The problem ▸
An exact, complete copy of the entries is needed, with the pictures left out.
##### Source data
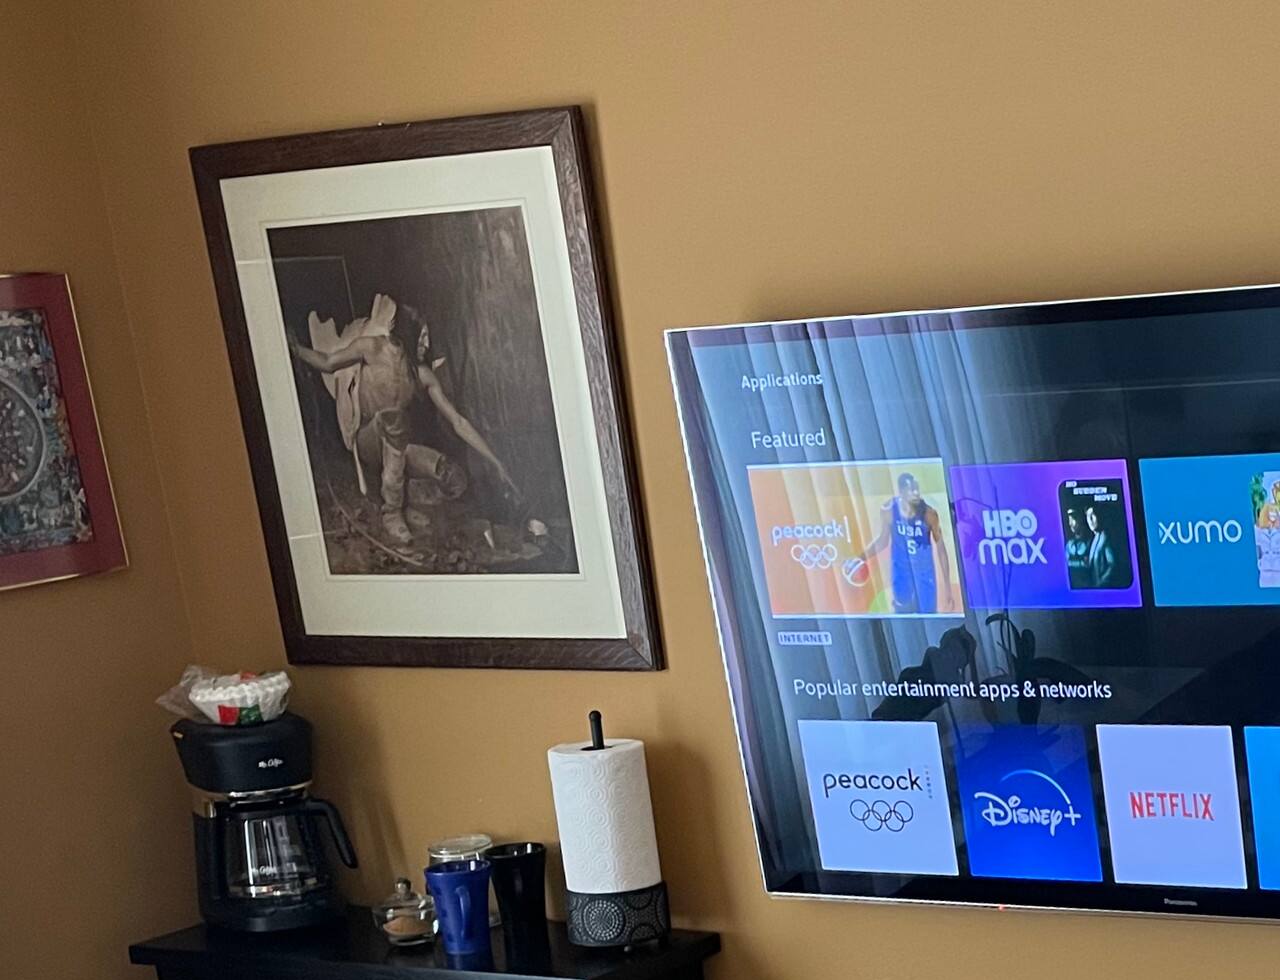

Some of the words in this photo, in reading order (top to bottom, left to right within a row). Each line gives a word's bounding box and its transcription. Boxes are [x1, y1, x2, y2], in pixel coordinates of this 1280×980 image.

[741, 372, 824, 392] Applications
[751, 427, 826, 449] Featured
[772, 519, 845, 547] peacock
[897, 524, 923, 537] USA
[982, 509, 1038, 538] HBO
[1158, 519, 1243, 544] xumo
[907, 540, 917, 555] 5
[978, 537, 1048, 565] max
[780, 632, 831, 644] INTERNET
[793, 679, 857, 700] Popular
[862, 679, 977, 697] entertainment
[979, 683, 1020, 702] apps
[1023, 680, 1036, 698] &
[1040, 680, 1112, 698] networks
[823, 767, 923, 798] peacock
[1130, 791, 1216, 821] NETFLIX
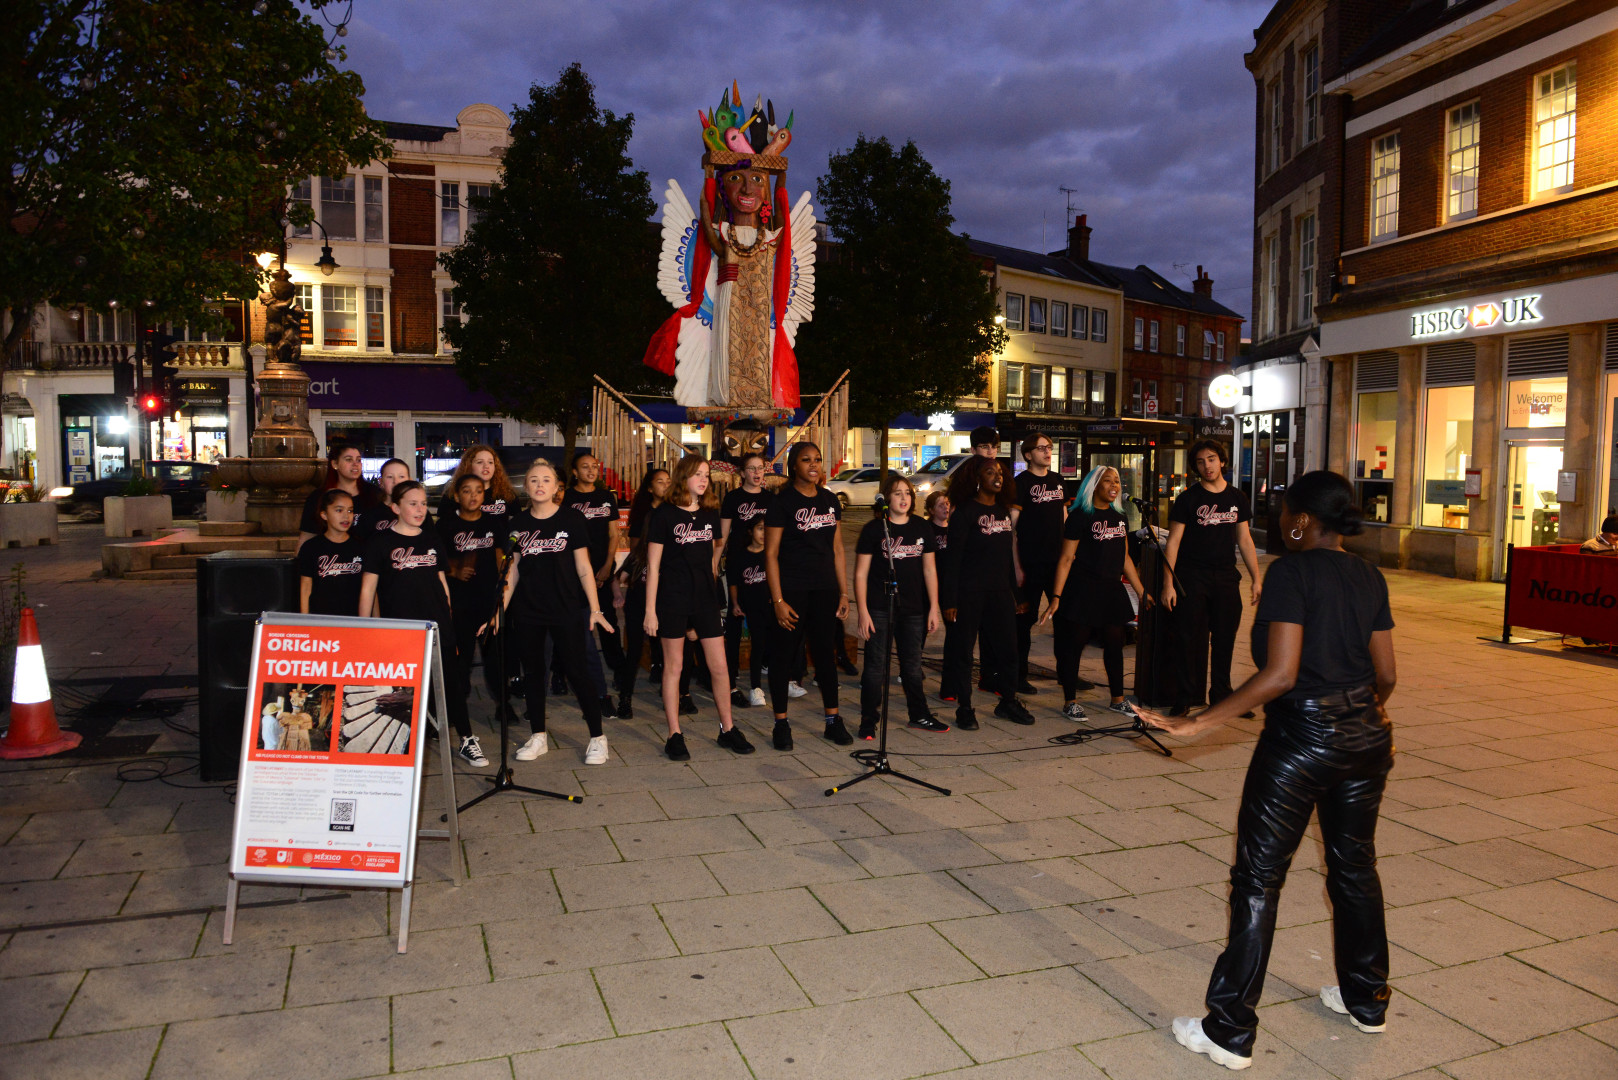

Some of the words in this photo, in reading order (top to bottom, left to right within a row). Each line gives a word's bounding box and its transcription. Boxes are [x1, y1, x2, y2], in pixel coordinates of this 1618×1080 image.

[1410, 307, 1466, 338] HSBC
[1501, 296, 1541, 324] UK
[1516, 393, 1563, 405] Welcome
[454, 531, 494, 551] Young
[519, 530, 568, 556] Young
[673, 522, 714, 544] Young
[318, 554, 362, 577] Young
[391, 547, 437, 570] Young
[267, 638, 341, 653] ORIGINS
[265, 659, 328, 678] TOTEM
[332, 661, 418, 680] LATAMAT
[313, 852, 342, 861] MÉXICO
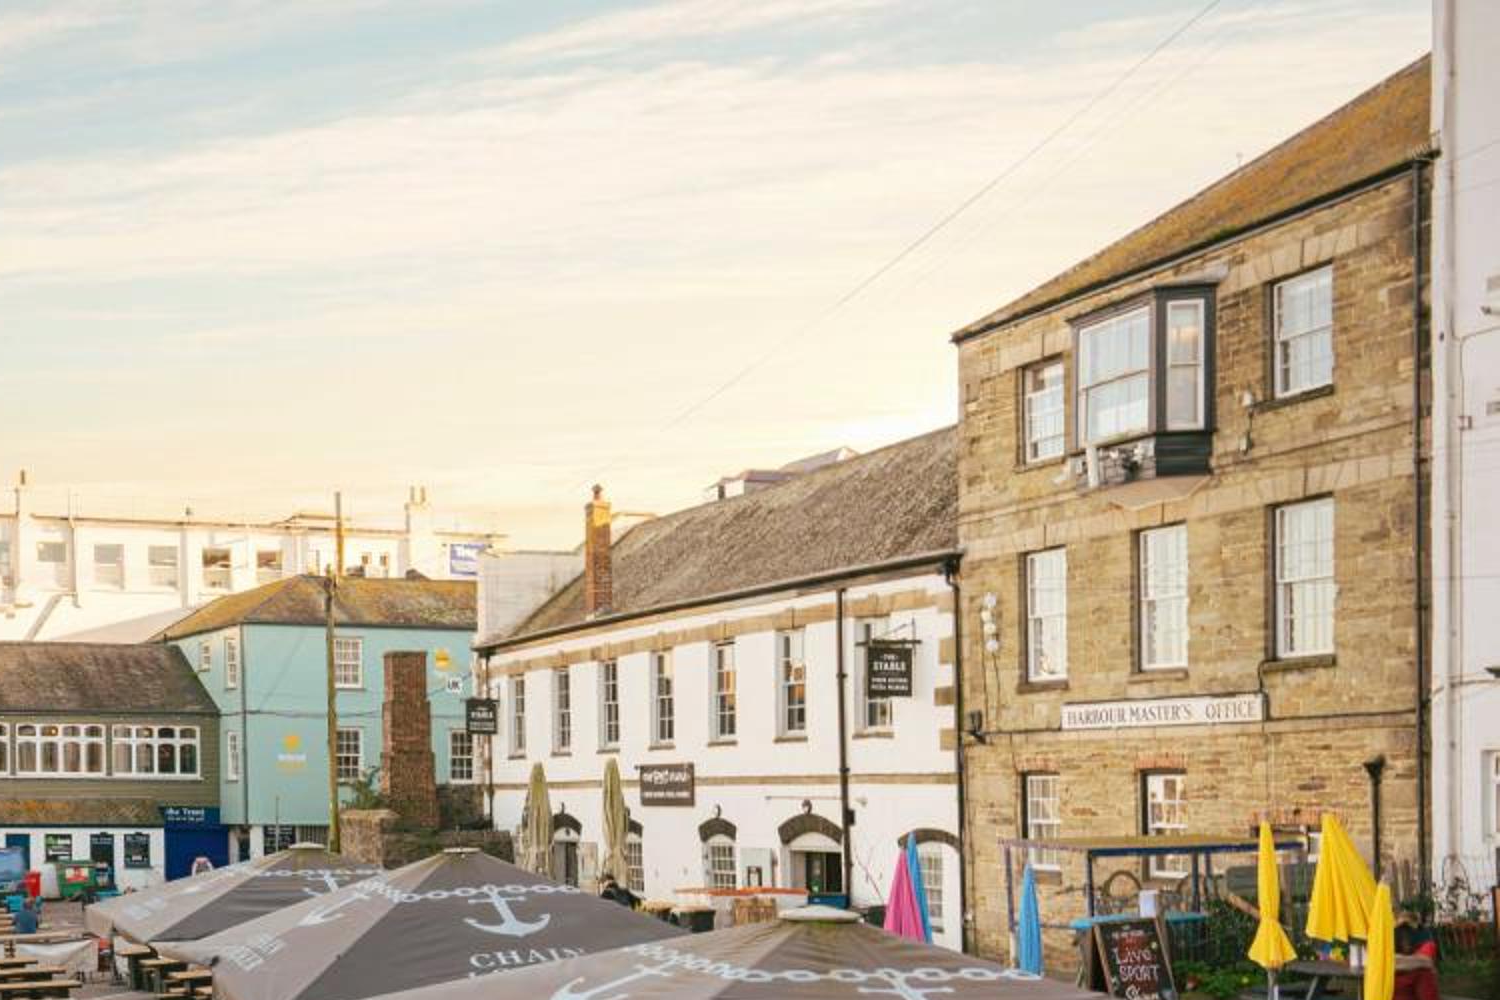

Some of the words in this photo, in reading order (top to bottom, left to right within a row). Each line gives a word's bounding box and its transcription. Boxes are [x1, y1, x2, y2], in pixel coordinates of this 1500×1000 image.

[1067, 709, 1125, 725] HARBOUR
[1129, 703, 1193, 721] MASTER'S
[1205, 699, 1257, 719] OFFICE
[1119, 965, 1159, 982] SPORT
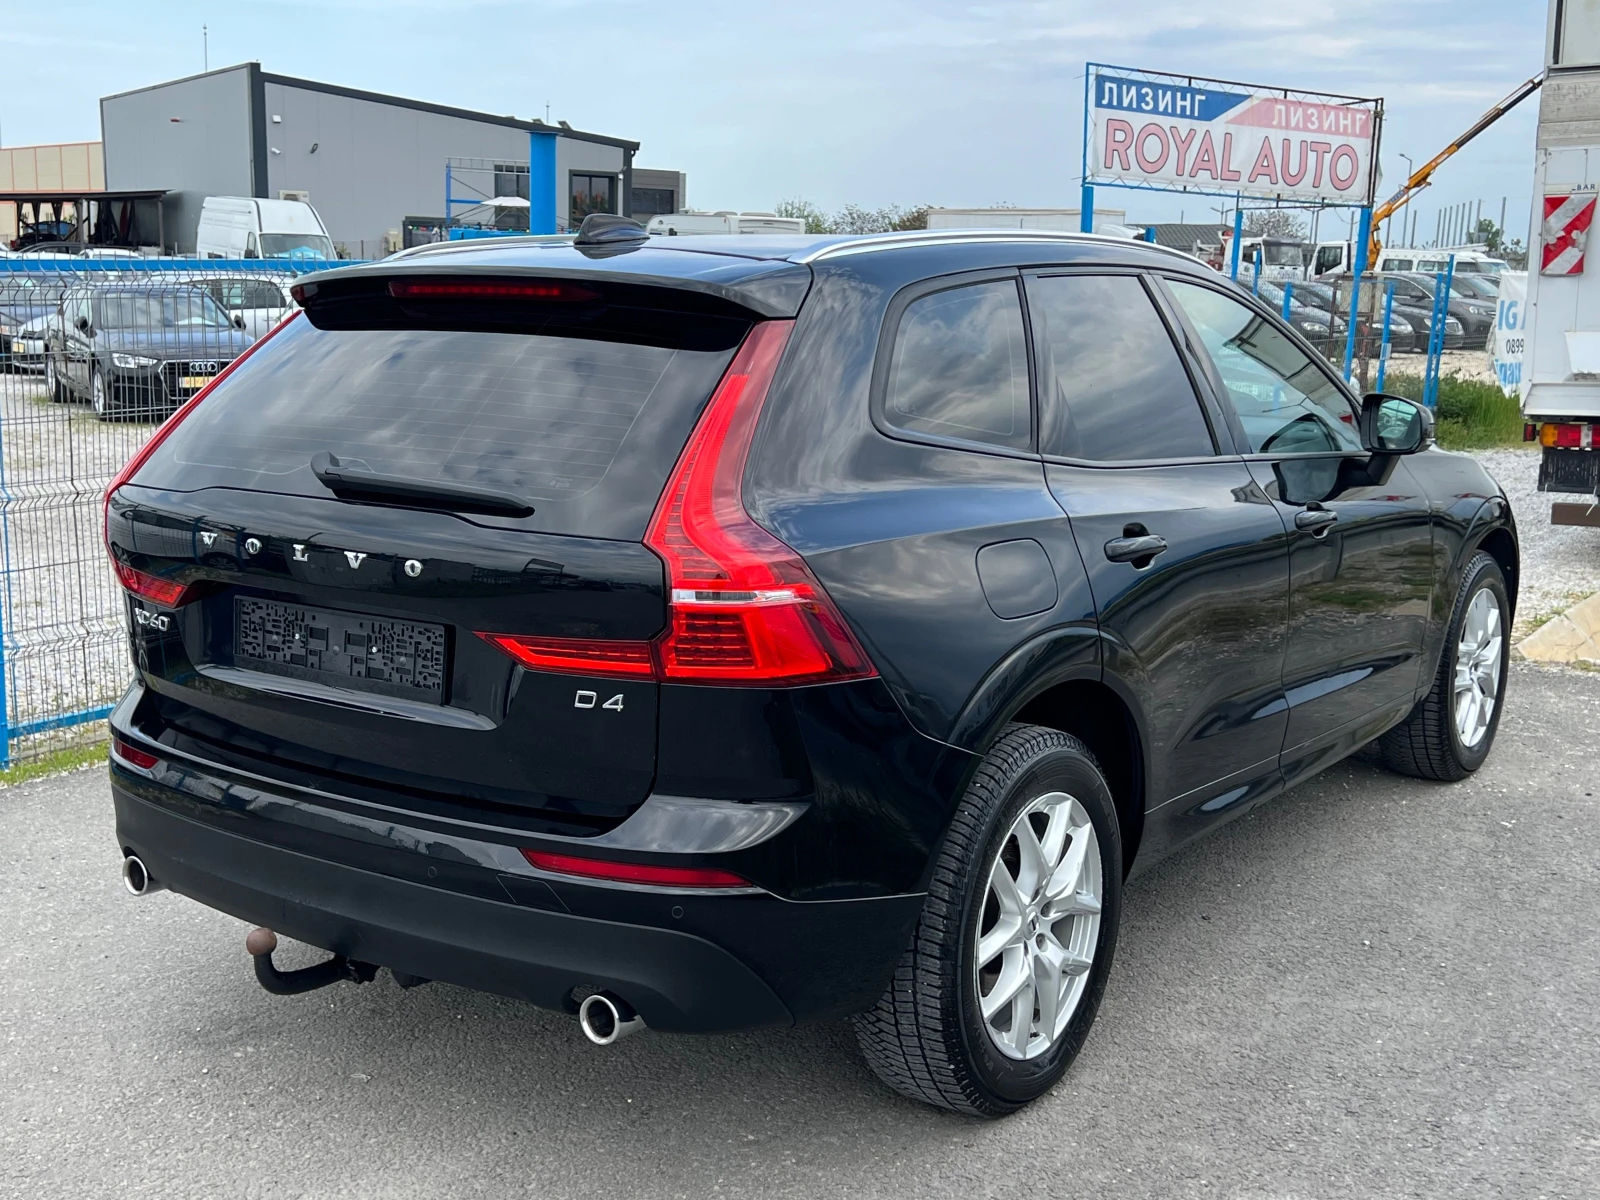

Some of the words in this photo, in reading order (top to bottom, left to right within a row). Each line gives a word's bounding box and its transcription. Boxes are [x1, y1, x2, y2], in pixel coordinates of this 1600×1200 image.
##########
Exercise solution ▸
Some of the words in this photo, in reading order (top to bottom, left to right within a row). Each line gives a word's bounding box and its transcription. Boxes are [x1, y1, x2, y2], in pixel coordinates of this 1280×980 image.

[741, 372, 824, 392] Applications
[751, 427, 826, 449] Featured
[772, 519, 845, 547] peacock
[897, 524, 923, 537] USA
[982, 509, 1038, 538] HBO
[1158, 519, 1243, 544] xumo
[907, 540, 917, 555] 5
[978, 537, 1048, 565] max
[780, 632, 831, 644] INTERNET
[793, 679, 857, 700] Popular
[862, 679, 977, 697] entertainment
[979, 683, 1020, 702] apps
[1023, 680, 1036, 698] &
[1040, 680, 1112, 698] networks
[823, 767, 923, 798] peacock
[1130, 791, 1216, 821] NETFLIX

Some of the words in this photo, in reading order (top to bottom, left to right within a row). Each line gives a word's bounding box and its transcription. Boxes are [x1, y1, x2, y2], in pixel coordinates of this 1618×1080 image.

[1410, 307, 1466, 338] HSBC
[1501, 296, 1541, 324] UK
[1516, 393, 1563, 405] Welcome
[454, 531, 494, 551] Young
[519, 530, 568, 556] Young
[673, 522, 714, 544] Young
[318, 554, 362, 577] Young
[391, 547, 437, 570] Young
[267, 638, 341, 653] ORIGINS
[265, 659, 328, 678] TOTEM
[332, 661, 418, 680] LATAMAT
[313, 852, 342, 861] MÉXICO

Some of the words in this photo, in reading order (top to bottom, left to right within a row). Each line gives a word's bounding box and its transcription. Boxes are [x1, y1, x2, y2], in pixel coordinates of this 1500×1000 image.

[1067, 709, 1125, 725] HARBOUR
[1129, 703, 1193, 721] MASTER'S
[1205, 699, 1257, 719] OFFICE
[1119, 965, 1159, 982] SPORT

Some of the words in this photo, in reading order (top to bottom, left to right within a row). Each line gives a word's bounding box and its transcription. Boxes are [x1, y1, x2, y2], in pixel coordinates of this 1600×1200 image.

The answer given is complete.